■ Instructions for the task:
Repeat every line of the listing below exactly, minus the pictures.

■ Provided data:
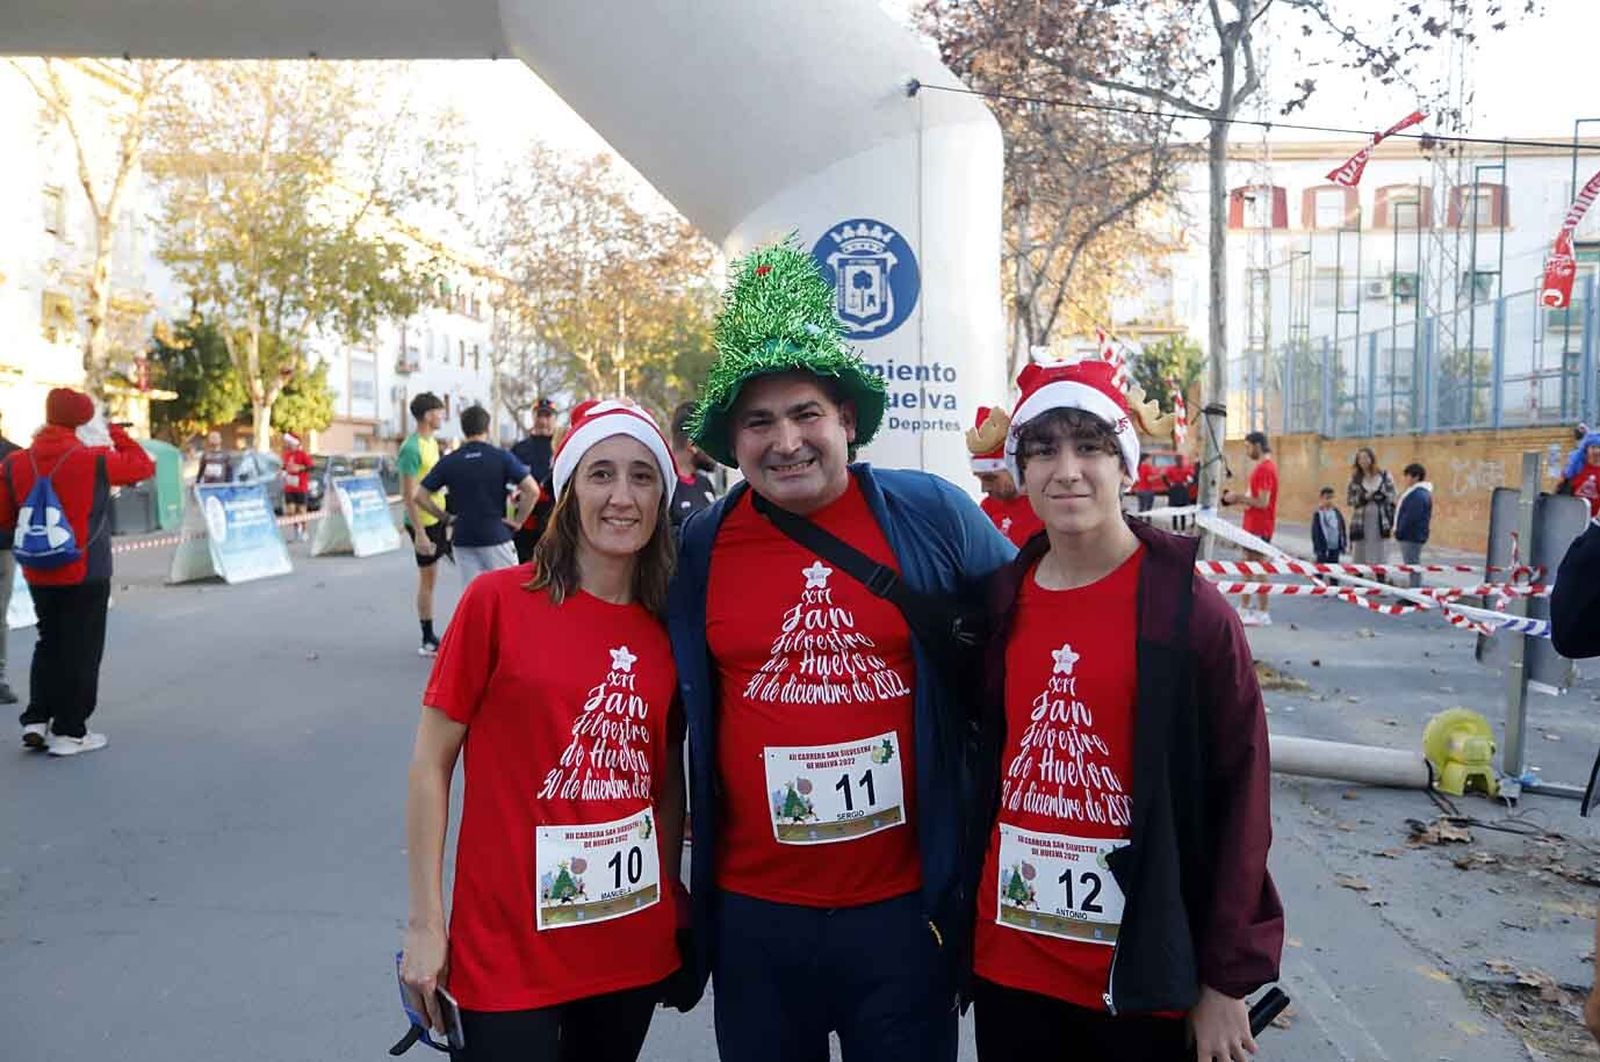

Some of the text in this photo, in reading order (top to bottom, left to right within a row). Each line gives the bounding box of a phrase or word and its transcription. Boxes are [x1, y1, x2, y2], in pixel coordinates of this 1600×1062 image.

[862, 360, 957, 382] miento
[888, 388, 957, 410] uelva
[889, 417, 960, 434] Deportes
[782, 603, 854, 632] San
[760, 649, 886, 676] de Huelva
[760, 672, 781, 702] de
[781, 673, 853, 704] diciembre
[852, 673, 875, 702] de
[867, 669, 910, 700] 2022
[584, 683, 649, 720] San
[1030, 690, 1093, 727] San
[560, 734, 649, 772] de Huelva
[798, 752, 826, 761] CARRERA
[827, 750, 840, 759] SAN
[839, 757, 856, 767] 2022
[1008, 745, 1123, 792] de Huelva
[537, 769, 564, 799] 30
[560, 768, 581, 799] de
[581, 768, 631, 799] diciembre
[836, 769, 876, 811] 11
[837, 809, 864, 820] SERGIO
[1023, 781, 1084, 821] diciembre
[1086, 789, 1106, 824] de
[576, 830, 604, 840] CARRERA
[1052, 840, 1065, 850] SAN
[1065, 842, 1098, 854] SILVESTRE
[608, 846, 643, 889] 10
[1040, 849, 1063, 859] HUELVA
[1064, 852, 1080, 861] 2022
[1058, 868, 1103, 914] 12
[1056, 907, 1088, 920] ANTONIO
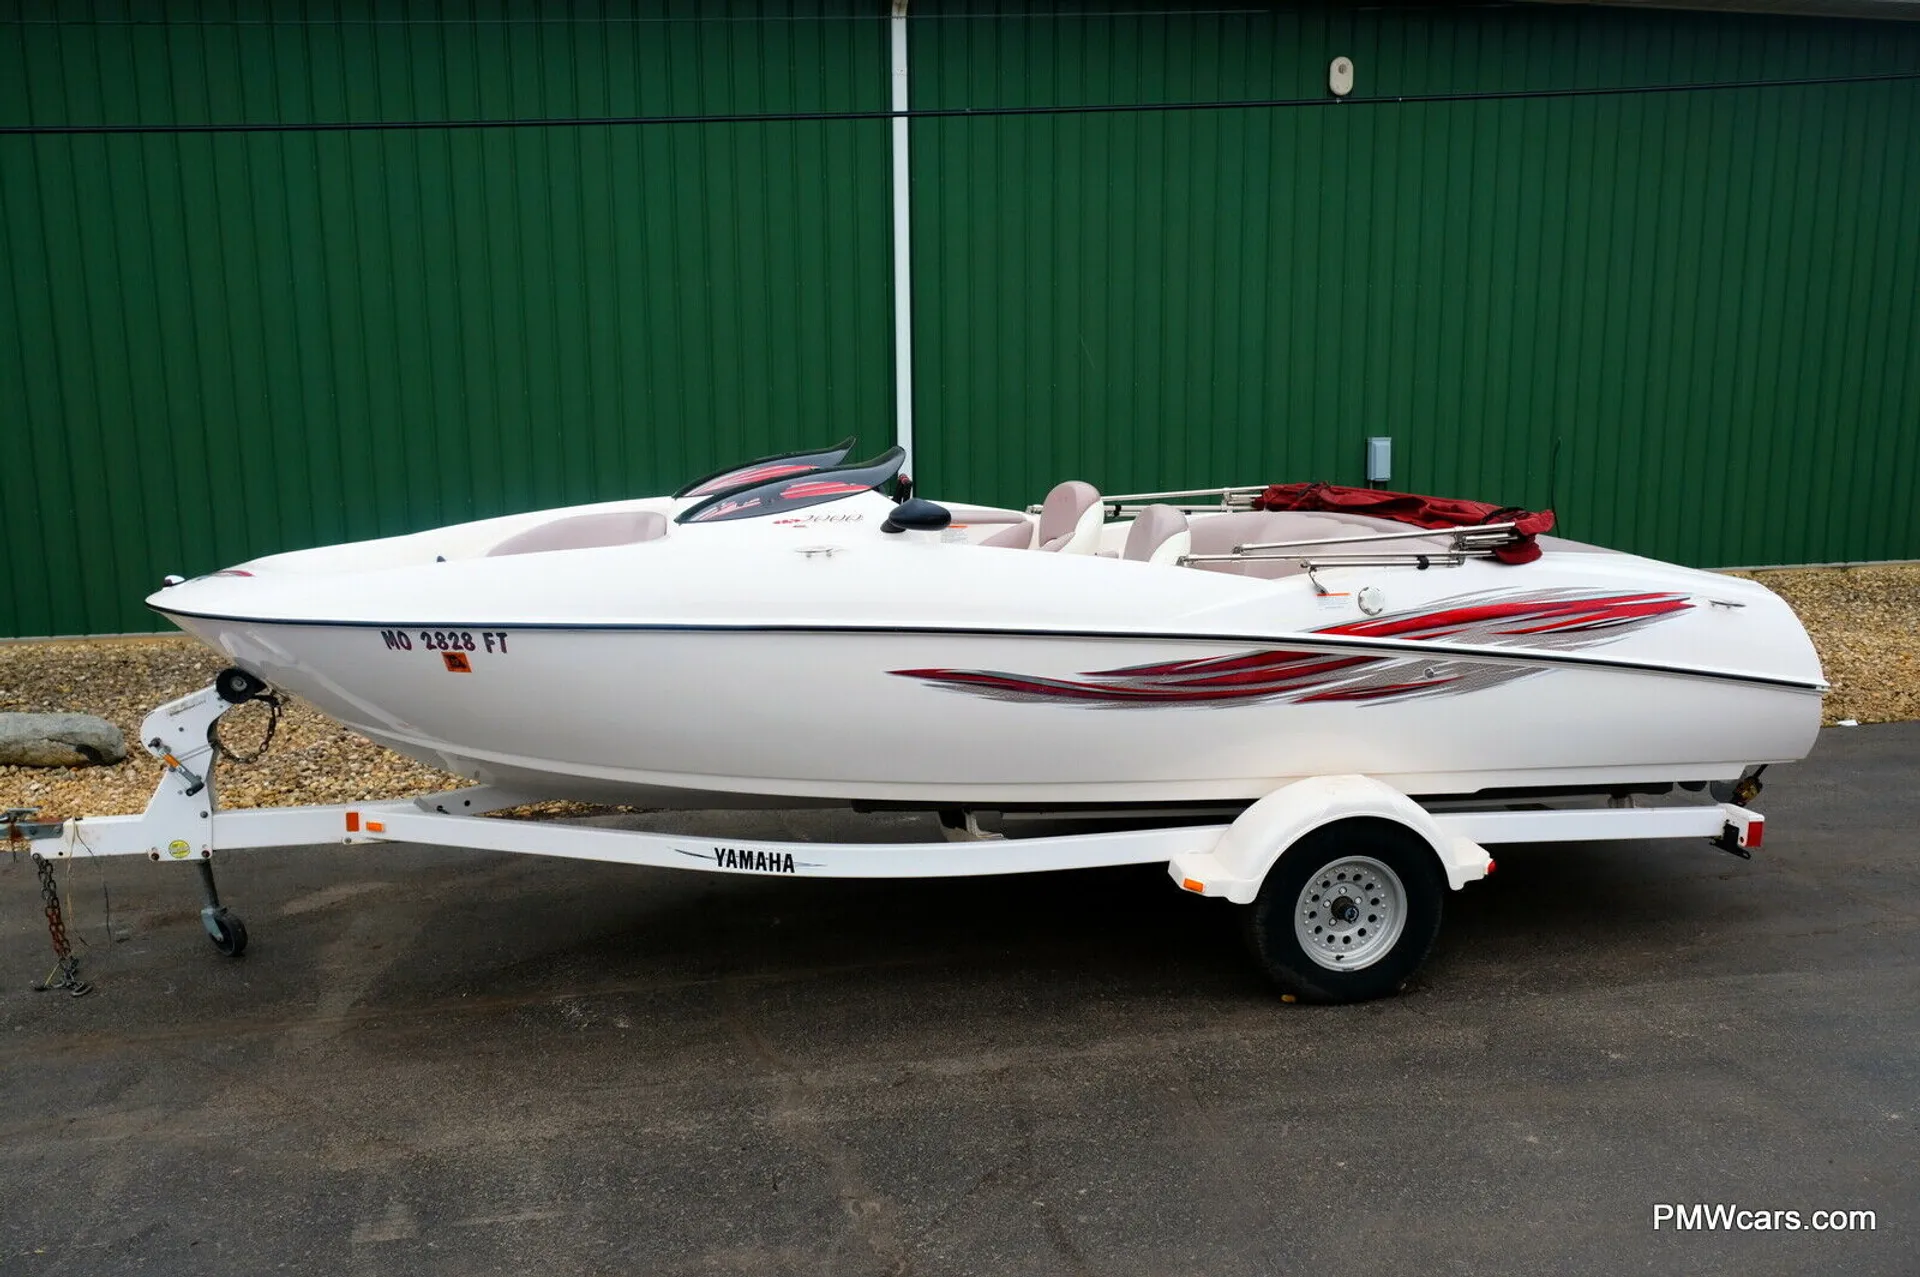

■ Solution:
Some of the text in this photo, in reading order (top to bottom, left to right within a row). Each line gives the bounding box of a phrase or word and its transcription. Boxes are [x1, y1, x2, y2], in pixel coordinates of this 1600×1062 image.

[862, 360, 957, 382] miento
[888, 388, 957, 410] uelva
[889, 417, 960, 434] Deportes
[782, 603, 854, 632] San
[760, 649, 886, 676] de Huelva
[760, 672, 781, 702] de
[781, 673, 853, 704] diciembre
[852, 673, 875, 702] de
[867, 669, 910, 700] 2022
[584, 683, 649, 720] San
[1030, 690, 1093, 727] San
[560, 734, 649, 772] de Huelva
[798, 752, 826, 761] CARRERA
[827, 750, 840, 759] SAN
[839, 757, 856, 767] 2022
[1008, 745, 1123, 792] de Huelva
[537, 769, 564, 799] 30
[560, 768, 581, 799] de
[581, 768, 631, 799] diciembre
[836, 769, 876, 811] 11
[837, 809, 864, 820] SERGIO
[1023, 781, 1084, 821] diciembre
[1086, 789, 1106, 824] de
[576, 830, 604, 840] CARRERA
[1052, 840, 1065, 850] SAN
[1065, 842, 1098, 854] SILVESTRE
[608, 846, 643, 889] 10
[1040, 849, 1063, 859] HUELVA
[1064, 852, 1080, 861] 2022
[1058, 868, 1103, 914] 12
[1056, 907, 1088, 920] ANTONIO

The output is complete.